The Whole World Is Broken

  Ben Darrow

  Copyright 2011 Ben Darrow

  Cover images available on jasonsart.com and dudziak.com

  The first indications of trouble came to Tench as he sat upon a broken spar of the antenna tower. It was a place he went when the whispers grew too strident and the need for stillness and solitude became imperative; an ideal sanctuary, just high enough to escape the hubbub of the city built into the tower’s base, but safely below the haunts of the Iron Goats, who might or might not welcome him. The blunted stub of the spar commanded a magnificent view of the Tenbor Dish, with its mosaic of farms laid out upon the gently sloping valley floor. At night, one could look up at the riot of stars crowding each other from horizon to horizon.

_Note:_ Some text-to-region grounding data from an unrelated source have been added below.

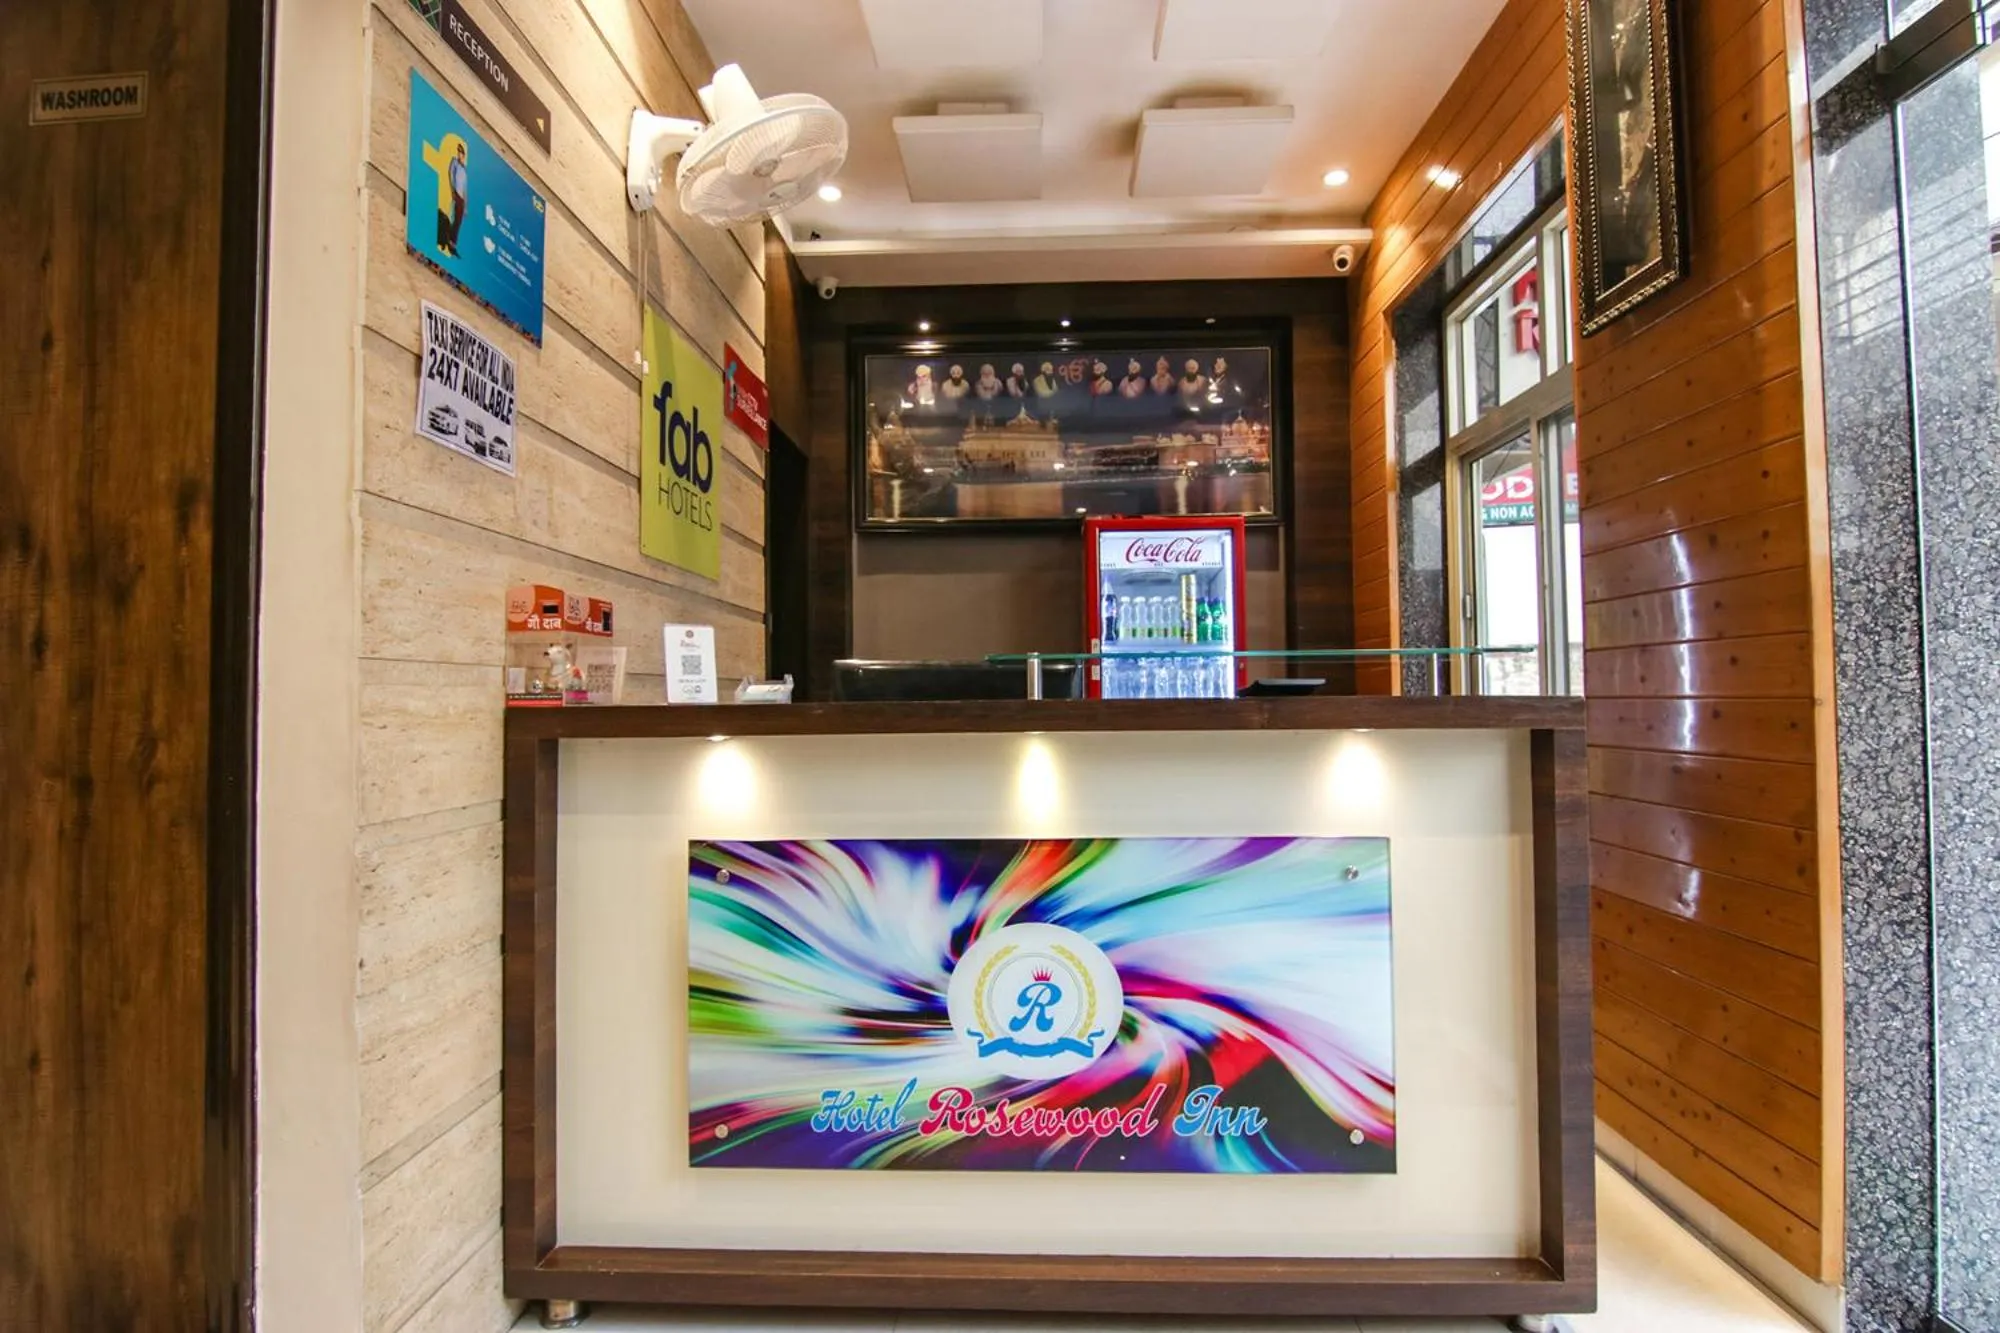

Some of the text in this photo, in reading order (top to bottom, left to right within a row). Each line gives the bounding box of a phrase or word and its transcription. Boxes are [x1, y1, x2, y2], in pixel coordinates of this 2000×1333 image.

[449, 13, 509, 92] RECEPTION
[42, 85, 138, 112] WASHROOM
[427, 311, 449, 351] TAXI
[450, 322, 477, 369] SERVICE
[475, 341, 489, 378] FOR
[427, 347, 514, 426] 24X7 AVAILABLE
[653, 381, 713, 493] fab
[658, 472, 712, 532] HOTELS
[1490, 506, 1517, 519] NON
[811, 1077, 1267, 1138] Hotel Rosewood Inn

  Tench somewhat preferred the night skies of his ancestral homeworld, which lay much further away from the galactic core, offering a less congested view of the heavens. But that sky could only be seen in the Verch, the last place he would go to seek tranquility.

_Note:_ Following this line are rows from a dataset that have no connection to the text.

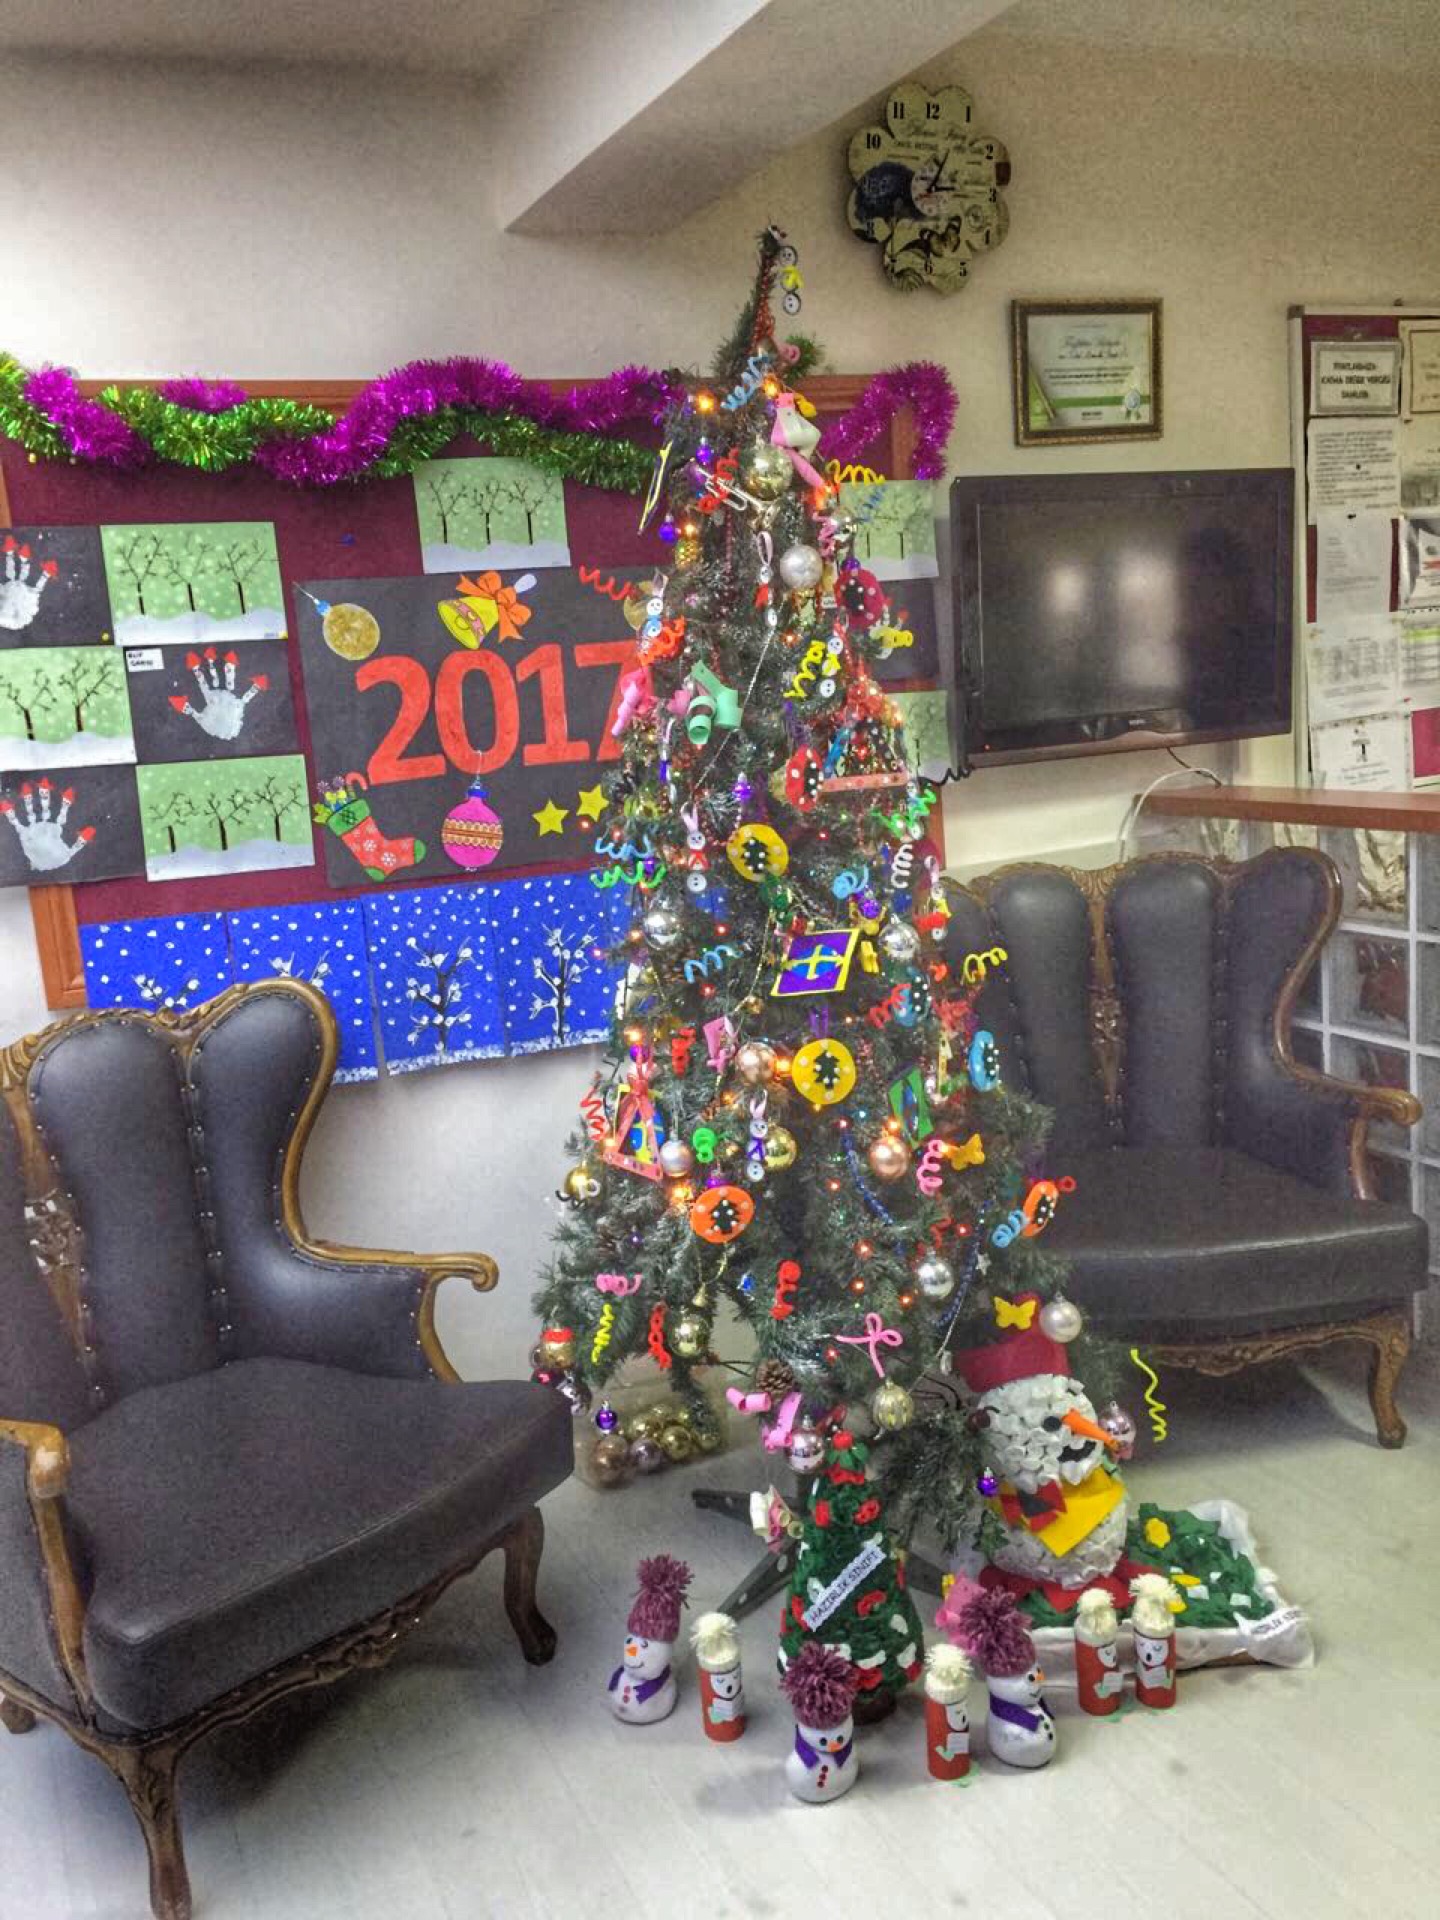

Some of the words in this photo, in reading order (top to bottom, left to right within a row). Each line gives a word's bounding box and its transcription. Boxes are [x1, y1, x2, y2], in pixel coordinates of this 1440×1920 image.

[893, 102, 904, 119] 11
[926, 102, 939, 120] 12
[966, 106, 971, 123] 1
[866, 133, 881, 149] 10
[986, 145, 993, 160] 2
[960, 262, 967, 276] 5
[355, 640, 642, 785] 2017

  On the day in question, Tench was gazing out over the Dish and thinking of the magnificent portents it must have received, long ago when the great ship was spaceborne. Some of those messages might linger in the deep spaces of the Verch, and he sometimes considered going in search of them, but it was a foolish idea, and no good reason for braving the Verch’s treacherous profundities.

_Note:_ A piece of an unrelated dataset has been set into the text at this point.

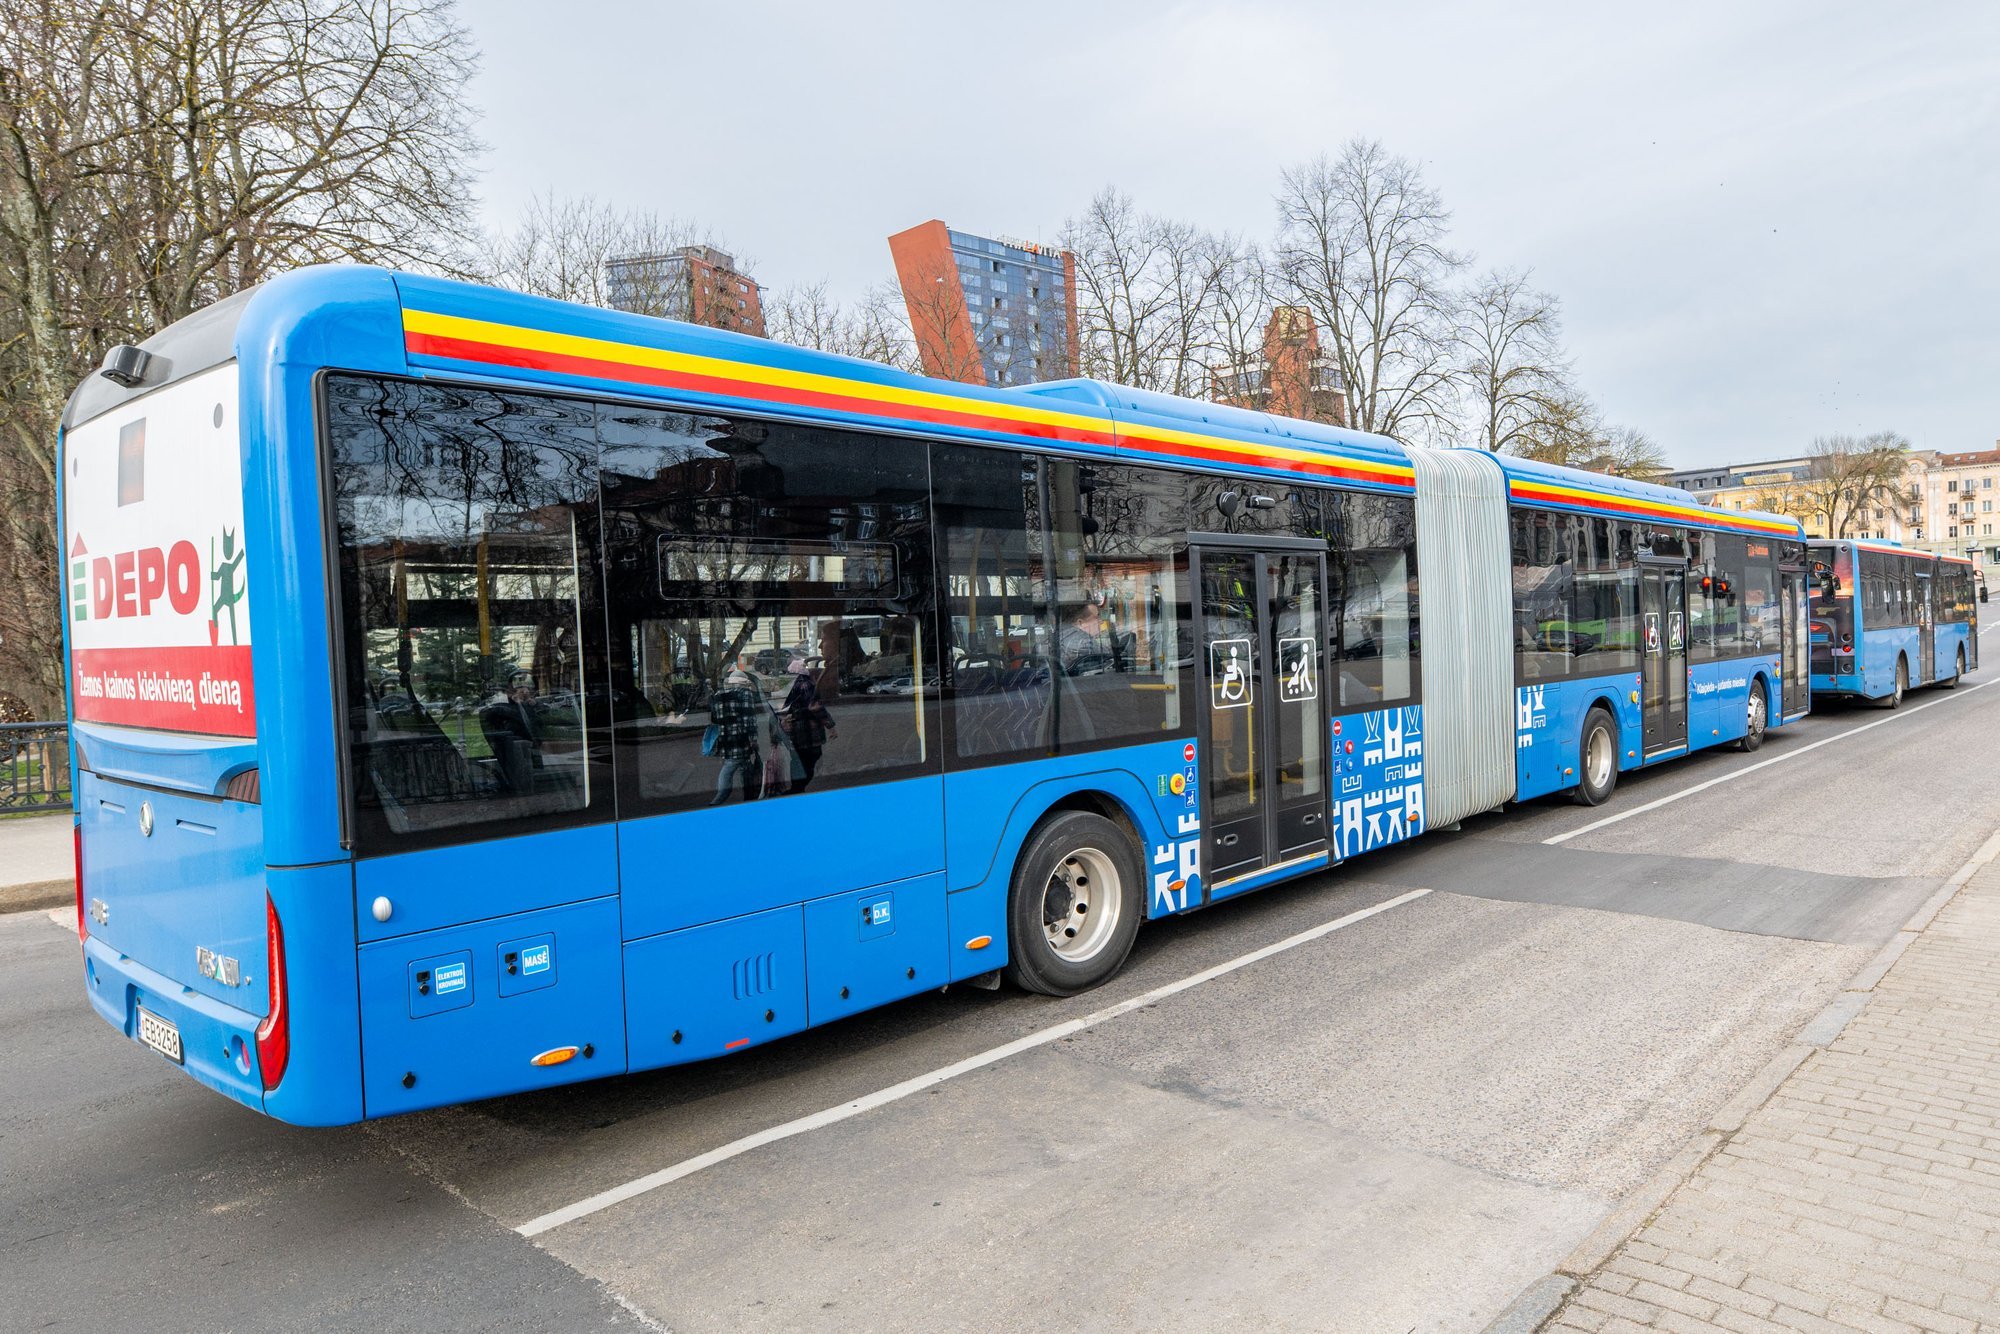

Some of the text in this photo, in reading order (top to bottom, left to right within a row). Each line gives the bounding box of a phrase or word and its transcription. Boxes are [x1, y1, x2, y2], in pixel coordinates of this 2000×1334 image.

[93, 540, 201, 620] DEPO
[78, 663, 243, 713] Žemos kainos kiekvieną dieną
[525, 951, 547, 967] MASĖ
[145, 1017, 178, 1055] EB3258

  When he grew tired of his musings, Tench called for a boat to meet him at the lake that surrounded the antenna.

  “Boat,” he murmured into his mutterband.

  The band whirred softly for a moment and emitted a piping reply:

  “Temporarily unable to comply. This response is characterized by regret.”

  Tench scowled at the peculiar phrase. It roused his memory, stirring up wisps of recollection from his training, or possibly from his childhood. He ignored them.

  “Bot.”

  “All bots are currently engaged in Priority One tasksets.”

  The definition of Priority One had become vague, but it was still reserved for catastrophe, and Tench heard no sirens. He wondered if there was a problem with the communications grid.

  “Entity.”

  The band replied with a mocking raspberry. “The Entity? You want the Entity? The Entity has better things to do than to talk with the likes of you!”

  Tench grimaced in disgust and tore the mutterband from his wrist. The problem was obviously in the band itself; the Tenbor Entity would never instruct a device to respond in such a rude manner, particularly not to Tench. He would have the thing repaired or replaced.

  Tench stood and looked out over the lake. A small bot was hovering within earshot – a melon-sized sphere with spidery arms dangling beneath.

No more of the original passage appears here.